Mi mujer llevaba la misma ropa que se puso en nuestra primera cena. Incluso iba peinada con el mismo moño italiano. Ana María llevaba un traje negro con pantalón de pernera ancha y la cintura alta, casi debajo del pecho. La levita hasta la altura de la rodilla, y sin solapas, cerraba a hueso por delante, asegurando el cierre un único alamar a la altura de la cintura del pantalón. Completaba el conjunto una blusa transparente de color gris con pequeños lunares blancos. Su corte de pelo asimétrico era una escultura en sí mismo, por lo que no necesitó de peinados especiales. Marta estaba irreconocible: Llevaba un vestido negro, liso y entallado, de manga tres cuartos con abertura en las bocamangas, con escote barco desde hombro a hombro y largo hasta la rodilla. Le habían recogido la melena por los lados de la cara, cayendo por detrás en una cascada de rizos. Todas llevaban zapatos de tacón de aguja y en la mano bolsos planos tipo cartera.
Paulinha merece una descripción aparte. Cuando la vi, mi primer impulso fue ir corriendo al salón de estética y que me devolviesen a mi nieta, o que me dijesen en donde la tenían secuestrada contra su voluntad. No había rastro de la muchacha fresca e inquieta que yo conocía. Ante mí se encontraba una mujer elegante, sofisticada y segura de sí misma, que no tenía nada que ver con la Paulinha a la que yo estaba acostumbrado. El hábito no hace al monje, pero en este caso parece que el vestuario ha ejercido un influjo importante sobre la manera de moverse y comportarse la muchacha.
En la peluquería le han trenzado su corta melena en una trenza de raíz, partiendo desde la nuca hasta la frente, escondiéndole el pelo conforme fueron trenzando. El resultado es una cabeza totalmente despejada rematada al medio con una espiga de cabello. El maquillaje que le han aplicado prácticamente no se nota. La sombra de ojos y el lápiz de labios solamente son un poco más oscuros que su tono natural. Su apariencia es la de una mujer unos años mayor que los que en realidad tiene, pero no queda en absoluto desmerecida. Al contrario.

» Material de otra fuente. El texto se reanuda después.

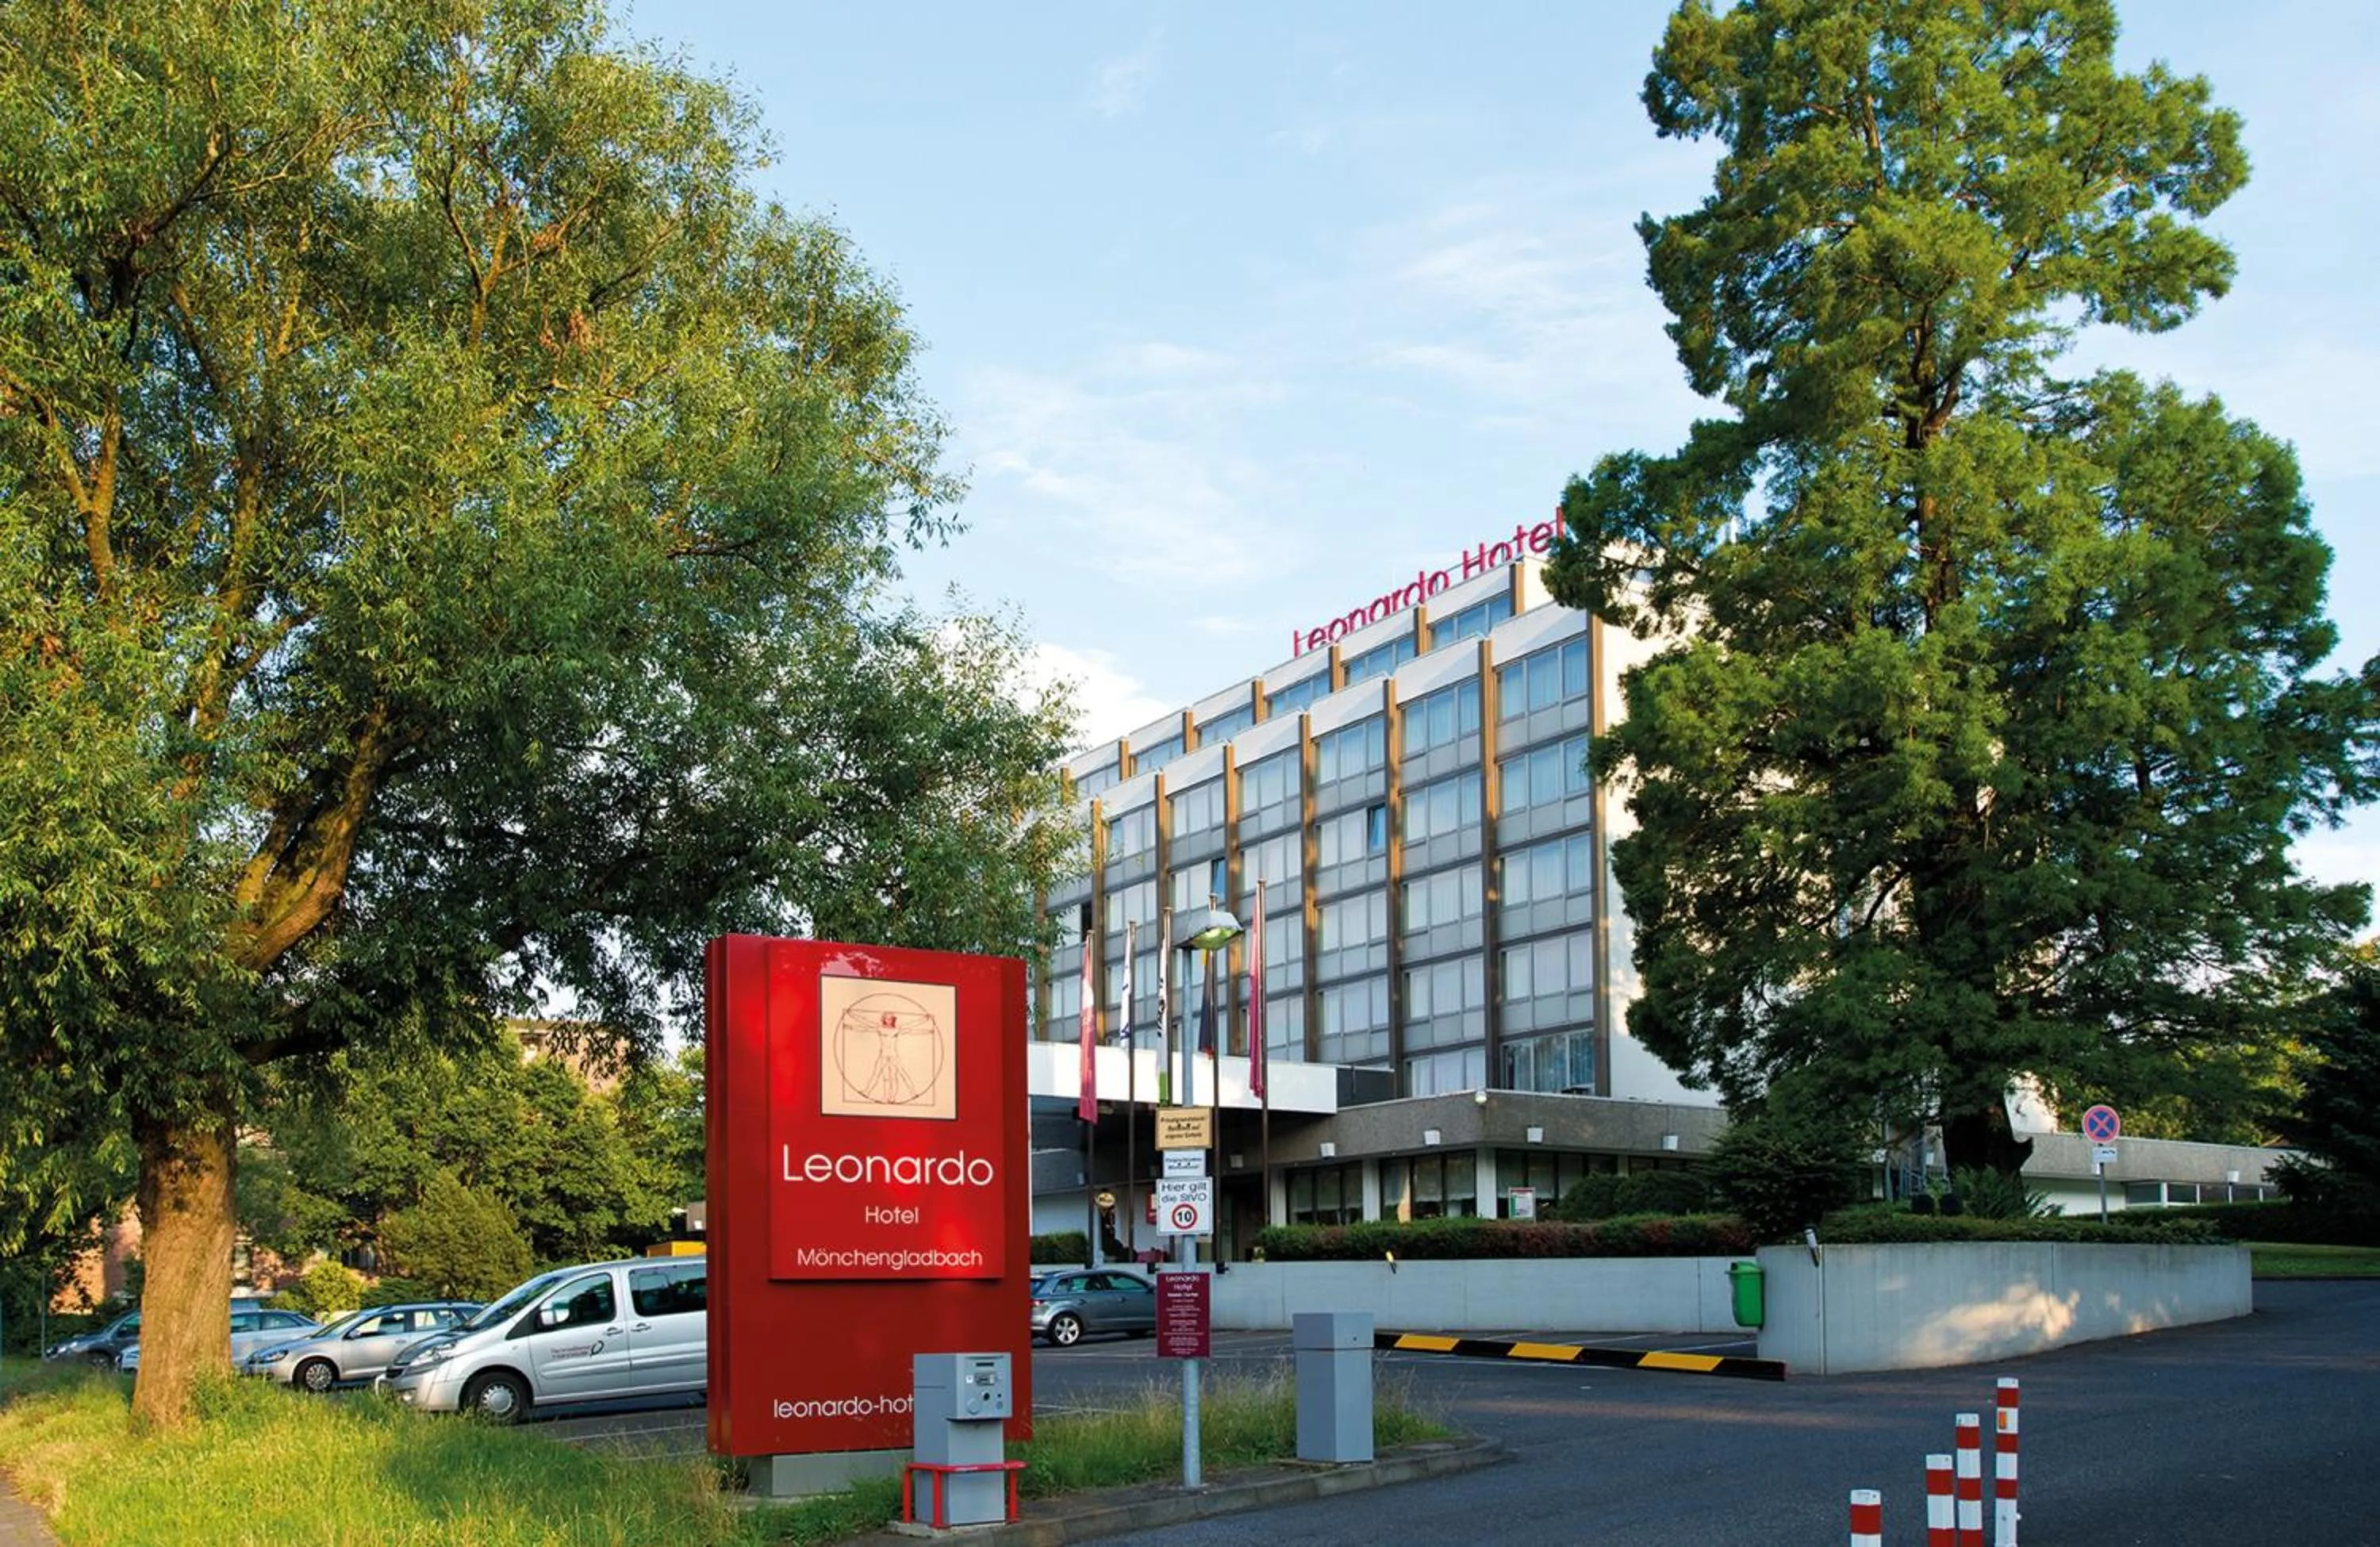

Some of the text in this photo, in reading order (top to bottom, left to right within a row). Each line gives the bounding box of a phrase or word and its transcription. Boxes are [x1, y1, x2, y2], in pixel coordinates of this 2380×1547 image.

Sin la menor duda, el vestido se lo han escogido las otras mujeres, o al menos han tenido mucho que ver en la elección. Es un vestido vaporoso, de organza satinada, color verde pastel, con la falda un par de dedos por encima de las rodillas. El busto, sin mangas, cubre el frente completamente, sin escote, cerrándose en torno a su garganta con un cuello de caja y dejando completamente desnuda la espalda. Su joven pecho indudablemente queda sujeto y protegido por algún artificio adhesivo e invisible, ya que el corte de la prenda no le permite el uso de sostén. Amália le ha prestado como complemento el chal de lana de alpaca color marfil que le regalé por su cumpleaños. Calza unos zapatos de tacón de aguja, de charol color blanco, y que su juventud le permite que sean un par de centímetros más altos que los de sus compañeras. El resultado es que es la más alta de las cuatro mujeres. Completa el conjunto con un bolsito “clucht”, forrado en raso blanco, tan diminuto que, aparte del móvil, posiblemente solamente tenga capacidad para un lápiz de labios. En la muñeca derecha lleva una esclava de oro con su nombre grabado, de la que intuyo que parte de su valor, si no la totalidad, tiene algo que ver con setas y con un “no muy novio” que se ha echado.
Después de dar una vuelta sobre sí misma, sonriendo, que provoca que la falda se acampane y me permita ver un poco más de sus piernas, entregándome su móvil me pide que le saque una fotografía para tener un recuerdo de esta noche. Al terminar de explicarme cómo funciona la cámara en su móvil, le hago tres fotos: Una de cuerpo entero, otra en plano americano y por último un retrato en escorzo. Nada más devolverle el teléfono, comienza a teclear sobre la aplicación de conversaciones. No necesito saber con quién está hablando, pero sé que en unos segundos, una de esas tres fotografías pasará a ser el fondo de pantalla del teléfono de alguien a quien he ofendido de palabra no hace mucho tiempo.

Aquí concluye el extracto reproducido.